- Born: 15 September 1961 (age 64) New York, United States
- Citizenship: United States, Ukraine (naturalized)^{[citation needed]}
- Education: New York University School of Law Panthéon-Assas University
- Known for: Founder of the Institute of Statehood and Democracy
- Political party: People's Movement of Ukraine

= Ivan Lozowy =

Ivan Lozowy is an American-born Ukrainian politician and journalist.

== Career ==
In February 1991, Mykhailo Horyn from the Popular Movement of Ukraine “RUKH” visited Washington and delivered a lecture at the invitation of The Heritage Foundation on Ukrainian independence.

From 2000 to 2001, he worked first for the personal service for the head of the State Committee on Information Policy, Television and Radio Broadcasting of Ukraine, Ivan Drach, later in the position of head of the New Information Technologies and Internet Directorate (which represents the 5th rank of government service).

Also, from 2002 to 2004, working as in-house counsel for the CJSC "Tokios Tokelės," a Lithuanian investor in the Ukrainian publisher “Taki Spravy,” he represented the investor in a complaint to the International Center for Settlement of Investment Disputes, which is affiliated with the World Bank.

== Political activity ==
During elections to the Verkhovna Rada in 2002, Lozowy was included from RUKH in the list of candidates from the block of political parties “Viktor Yushchenko’s Block ‘Our Ukraine’” at number 182.

As an early admirer of the reforms introduced in Georgia by President Mikheil Saakashvili, in 2017 Lozowy joined the newly formed political party Movement of New Forces of Mikheil Saakashvili (“MNFMS”), where he was first a member of the Political Council, the head of the Kyiv city branch, and later a member of the party’s leadership, the Party Council.

In 2019, Lozowy ran for a seat in the Verkhovna Rada in majoritarian district No. 167 in the Sumy oblast, self-nominated, but lost (placing second).

Following Saakashvili's imprisonment in Georgia in 2021, Lozowy organized a number of protest actions demanding Saakashvili's release.

== Civic activity ==
At the start of 1992, Lozowy founded the Pylyp Orlyk Institute of Democracy, one of Ukraine’s first non-governmental organizations, and served as its first Executive Director.

In 1996, with assistance from the Popular Movement of Ukraine “Rukh,” Lozowy founded the NGO, the Institute of Statehood and Democracy.

In 2007, as part of a widespread campaign for the recall of Walter Duranty's Pulitzer Prize, Lozowy organized a protest action in Kyiv

At the invitation of Oles Doniy in 2012, Lozowy became head of the Executive Committee of the All-Ukrainian Committee for the Protection of the Ukrainian Language and organized a number of events in Kyiv and also in Lviv.

In 2013, Lozowy founded the organization “Anti-Tabachnyk,” whose chief aim was the resignation of then Minister for Education Dmytro Tabachnyk.
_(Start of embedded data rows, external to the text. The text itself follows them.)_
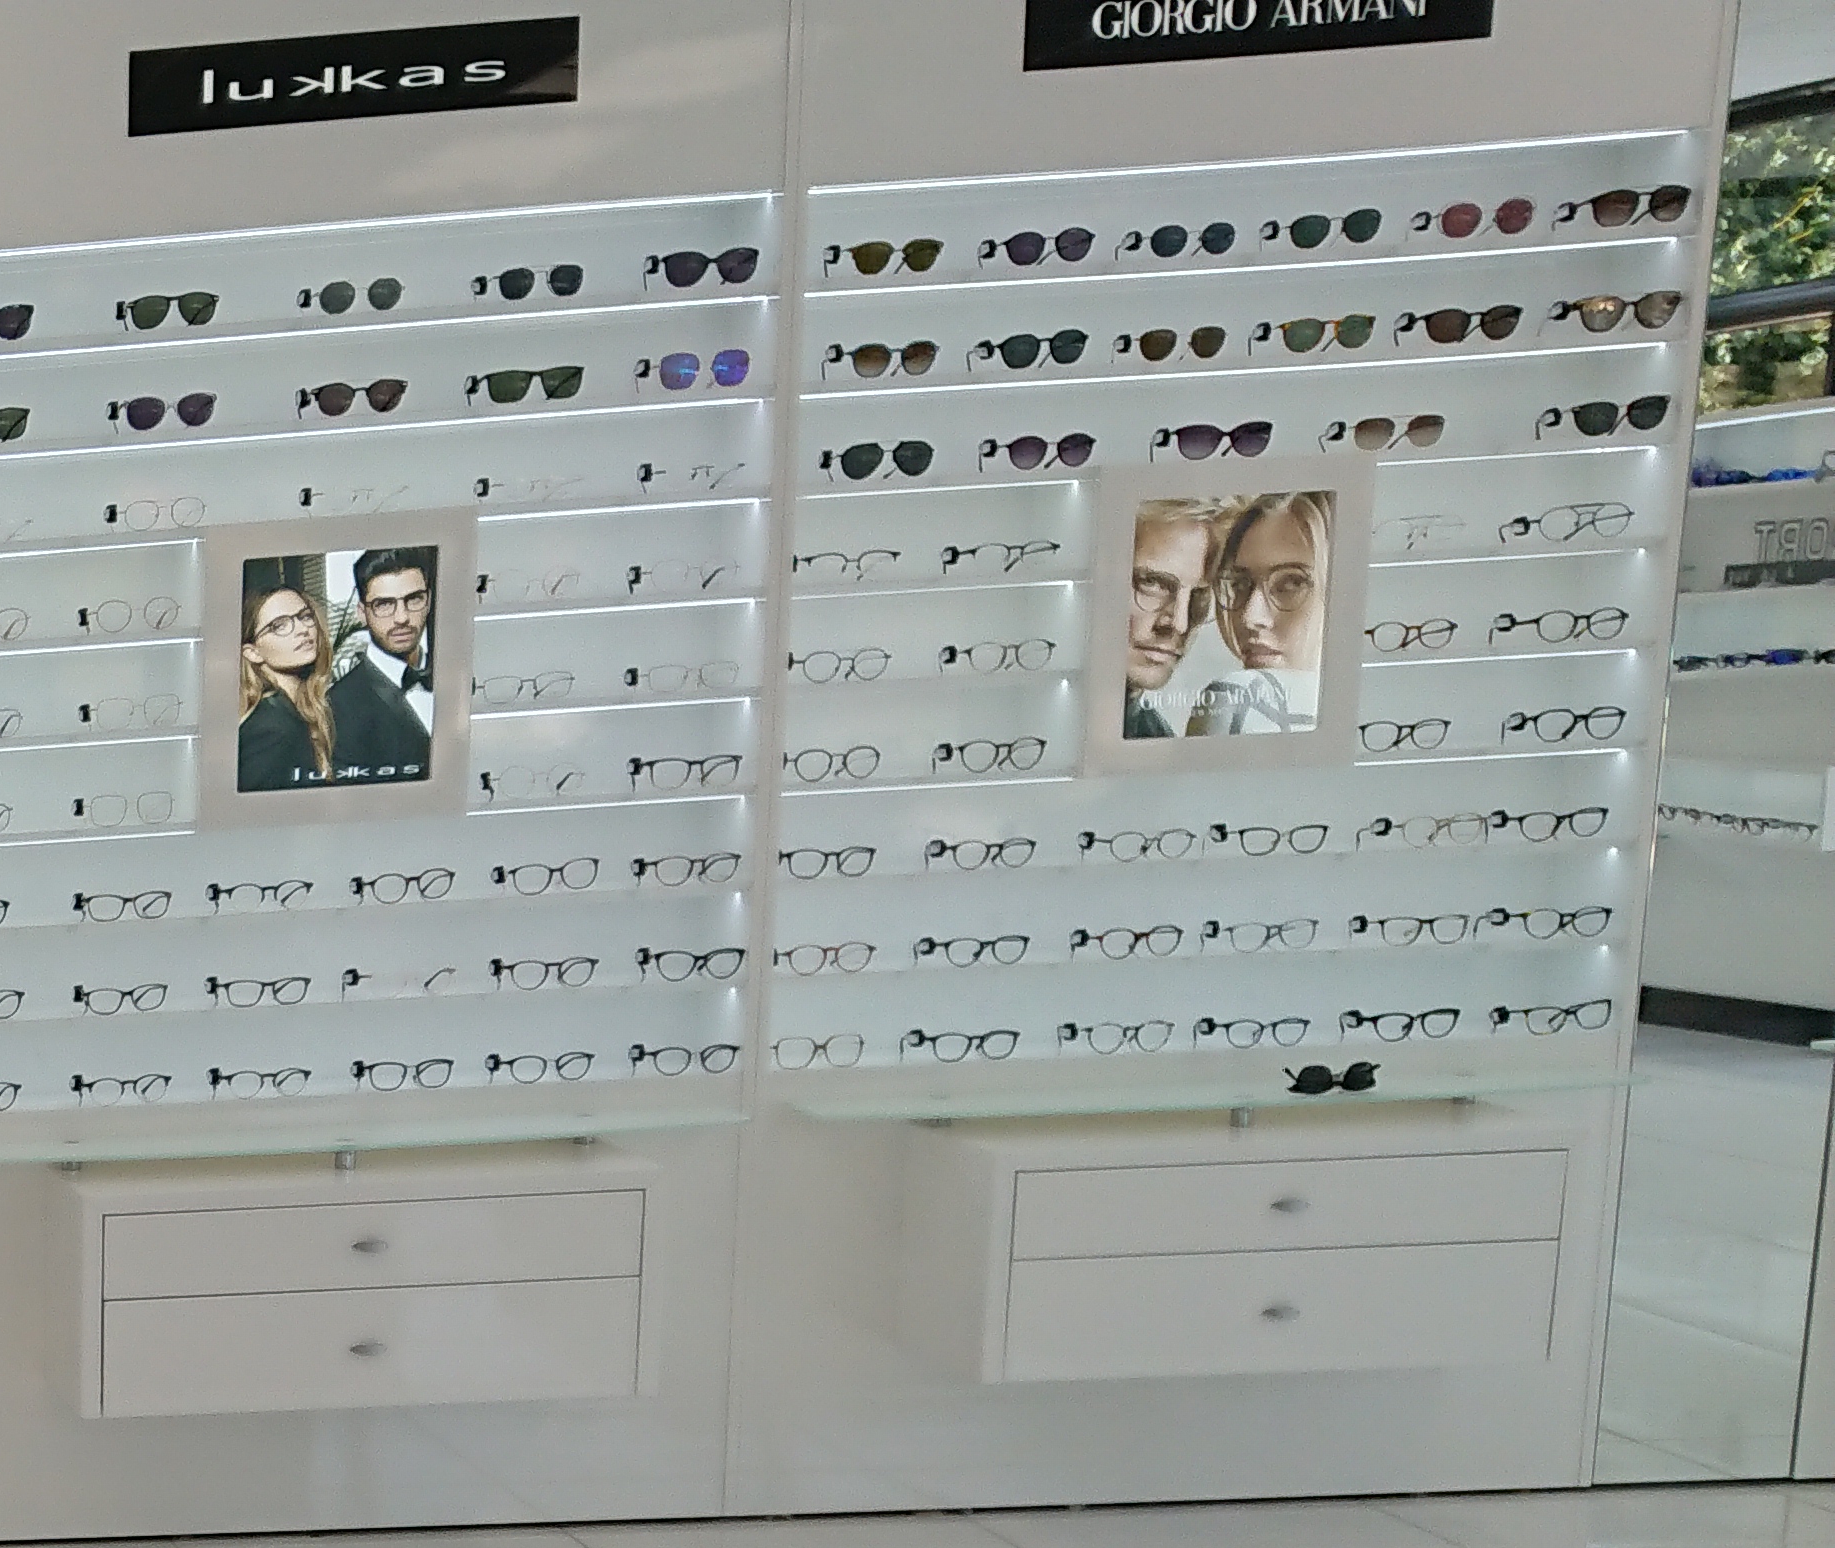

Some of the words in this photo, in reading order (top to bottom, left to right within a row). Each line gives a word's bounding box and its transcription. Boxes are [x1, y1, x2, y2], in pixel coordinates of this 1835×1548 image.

[1092, 0, 1257, 39] GIORGIO
[201, 60, 506, 104] lukkas
[292, 763, 421, 782] lukkas
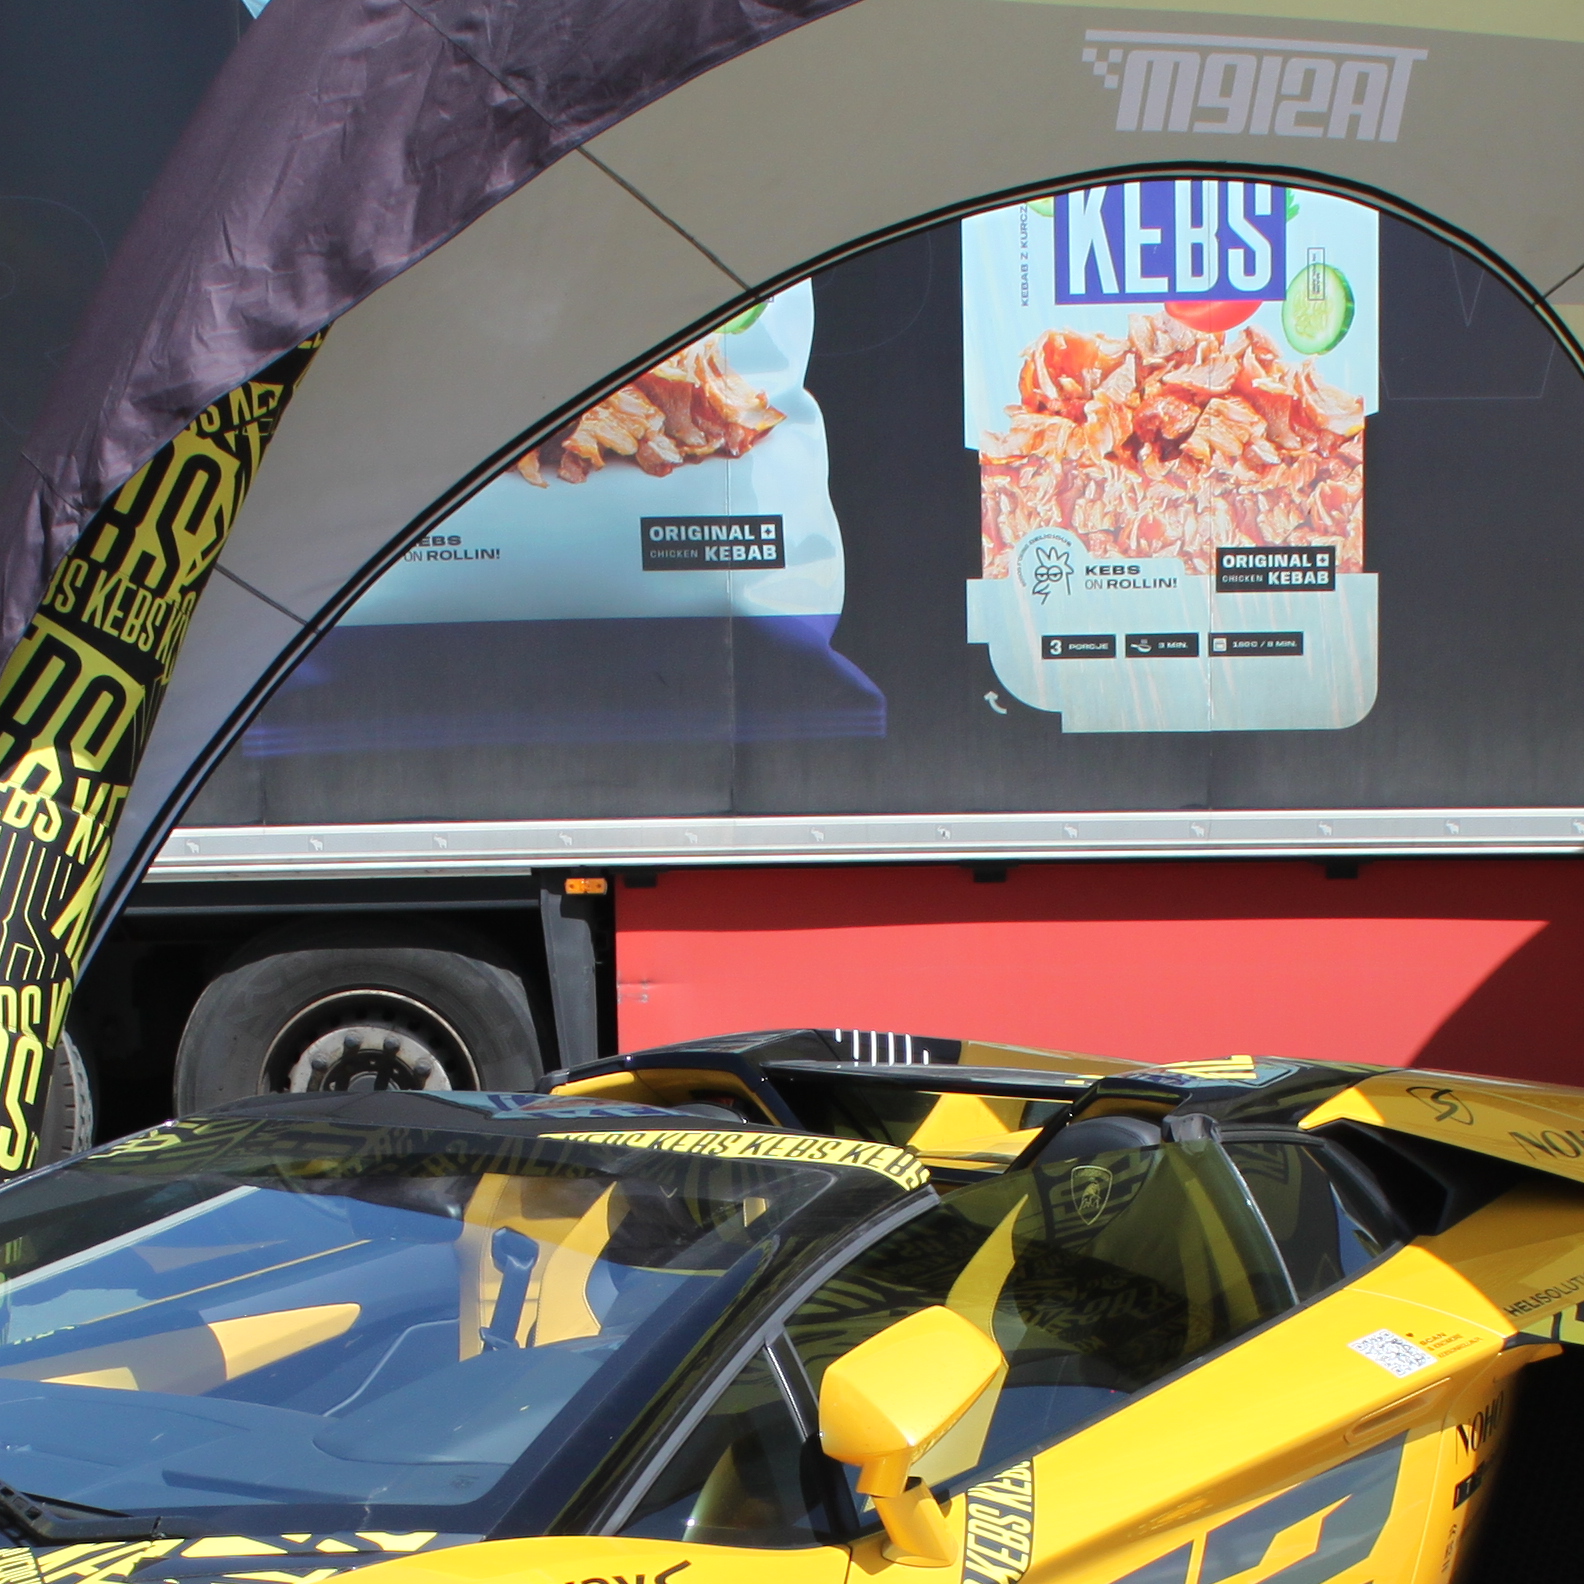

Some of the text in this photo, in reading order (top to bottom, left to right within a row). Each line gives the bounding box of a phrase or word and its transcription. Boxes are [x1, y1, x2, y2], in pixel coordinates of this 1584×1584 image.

[1068, 179, 1272, 296] KEBS
[1020, 263, 1029, 307] KEBAB
[650, 525, 755, 541] ORIGINAL
[416, 535, 461, 546] EBS
[404, 548, 500, 562] ON ROLLIN!
[650, 546, 777, 562] CHICKEN KEBAB
[1222, 554, 1312, 568] ORIGINAL
[1085, 565, 1141, 576] KEBS
[1085, 577, 1178, 589] ON ROLLIN!
[1222, 571, 1330, 585] CHICKEN KEBAB
[1050, 640, 1108, 655] 3 PORCJE
[743, 1134, 841, 1160] KEBS
[843, 1143, 932, 1191] KEBS
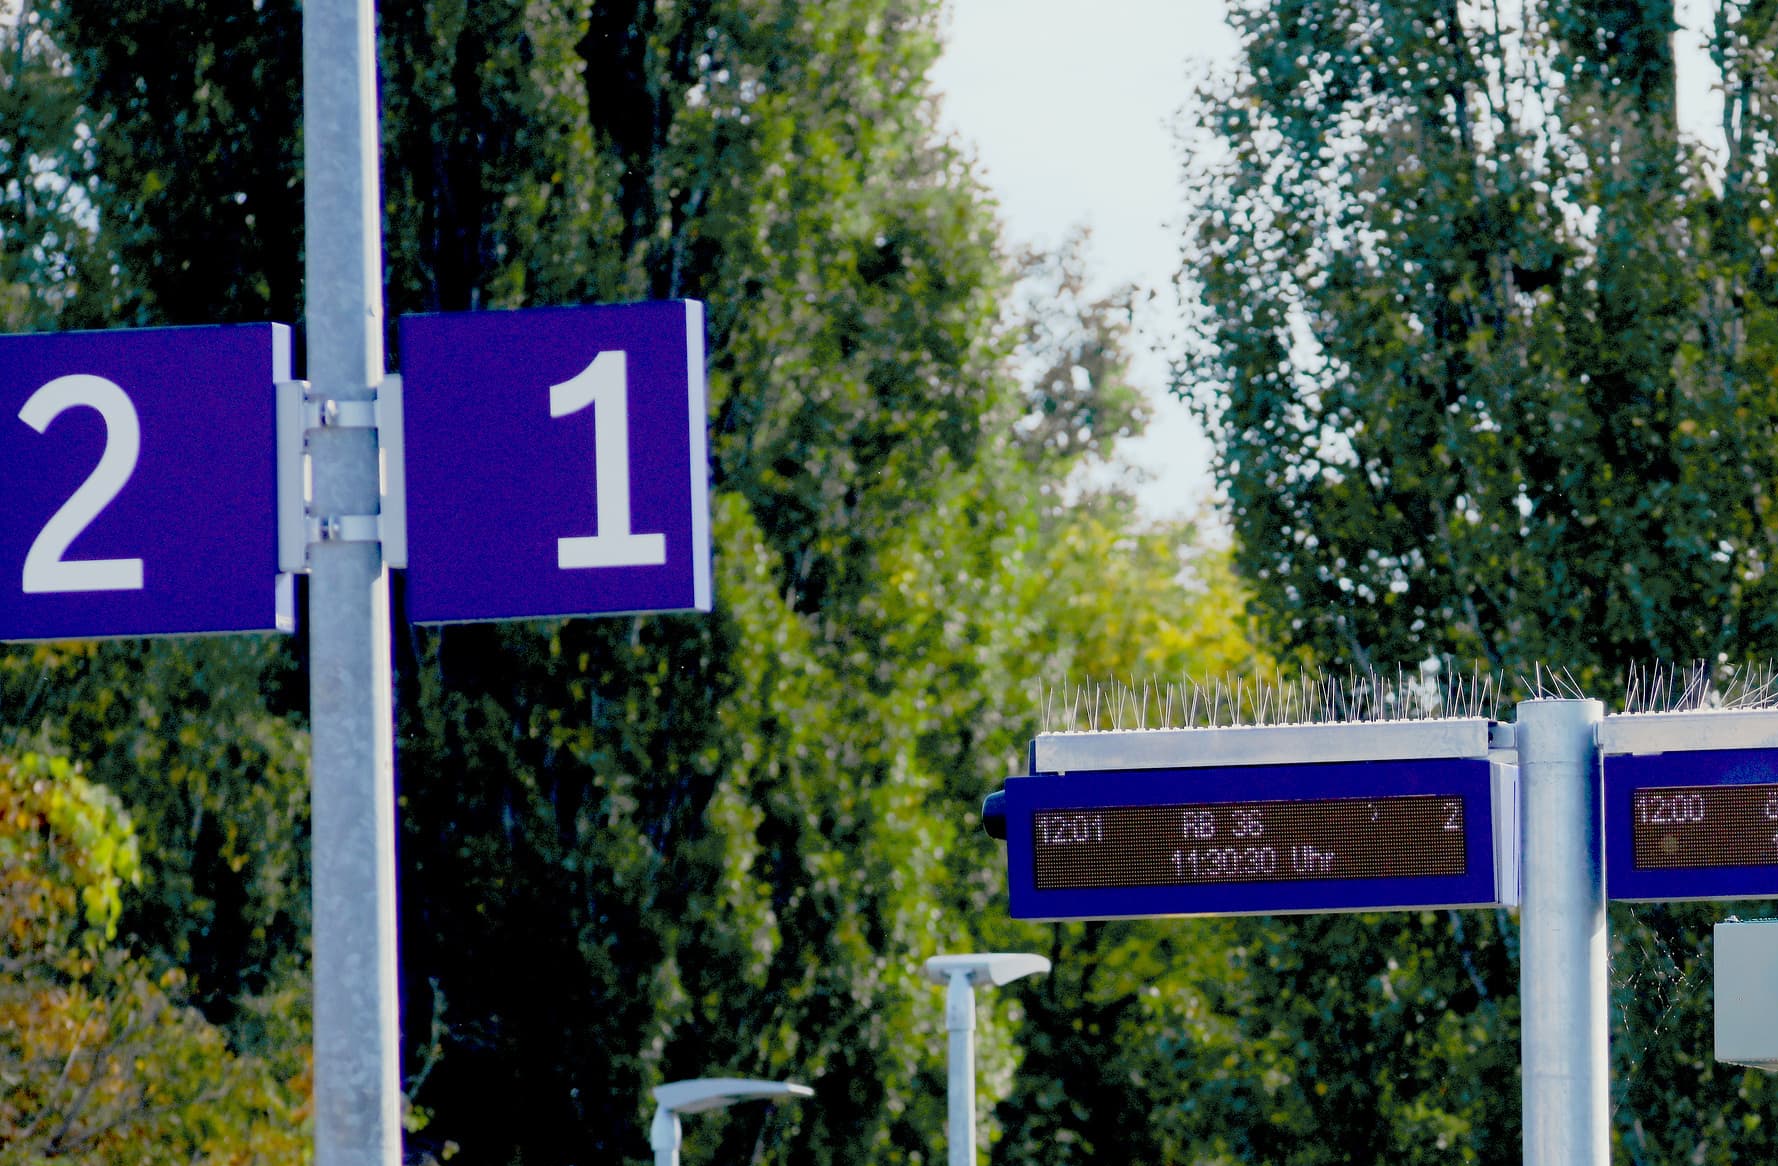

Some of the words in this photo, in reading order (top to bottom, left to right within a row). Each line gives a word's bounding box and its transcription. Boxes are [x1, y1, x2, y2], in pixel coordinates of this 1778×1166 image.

During protests which took place that November and preceded the Euromaidan, Lozowy accused Tabachnyk of imposing the Russian language, ignoring the Holodomor and Ukraine’s national heroes, and propagating Soviet views.

In 2015, Lozowy founded the charitable organization “The Charitable Fund in Memory of Ivan Hryhorovych Lozowy” in honor of his father. The Fund engages in providing assistance in the Sumy oblast, particularly the southern portion, where Lozowy’s father was born and raised.

In 2016, Lozowy created a new NGO, the Movement to Fight Corruption, among whose founders, besides Lozowy, were Professor Wolodymyr Cherniak and the Donetsk journalist Artem Furmaniuk.

The human-rights activist Iryna Nozdrovska, who was murdered at the end of 2017, worked with Lozowy in the Movement to Fight Corruption, also on behalf of Mikheil Saakashvili, the head of the Movement of New Forces. Lozowy conducted a separate, private investigation of the circumstances of Nozdrovsky's murder.

In 2020, as part of the activities of the Movement to Fight Corruption, Lozowy created the “International Data Base of Corrupt Officials in Ukraine,” set out in six languages, which was presented at a press-conference.

== Journalist activity ==
From 2004 to 2011, Lozowy worked as a journalist for the Internet publication “Transitions Online.”

In 2019, Lozowy registered a regional newspaper, “The True Word from Ivan Lozowy,” which began to circulate immediately, twice monthly, in the Sumy oblast, gaining a circulation of 14 thousand.Some local satraps attempted to block the paper's publication.

== Service in the “Aidar Battalion” ==
In May 2014, Lozowy joined up with the 24th Territorial Defense Battalion, which later became known as the “Aidar Battalion,” in fighting the invasion by Russia in eastern Ukraine in the Luhansk oblast.

Regarding his time with the Aidar Battalion, Lozowy released a video of his own photos and video fragments.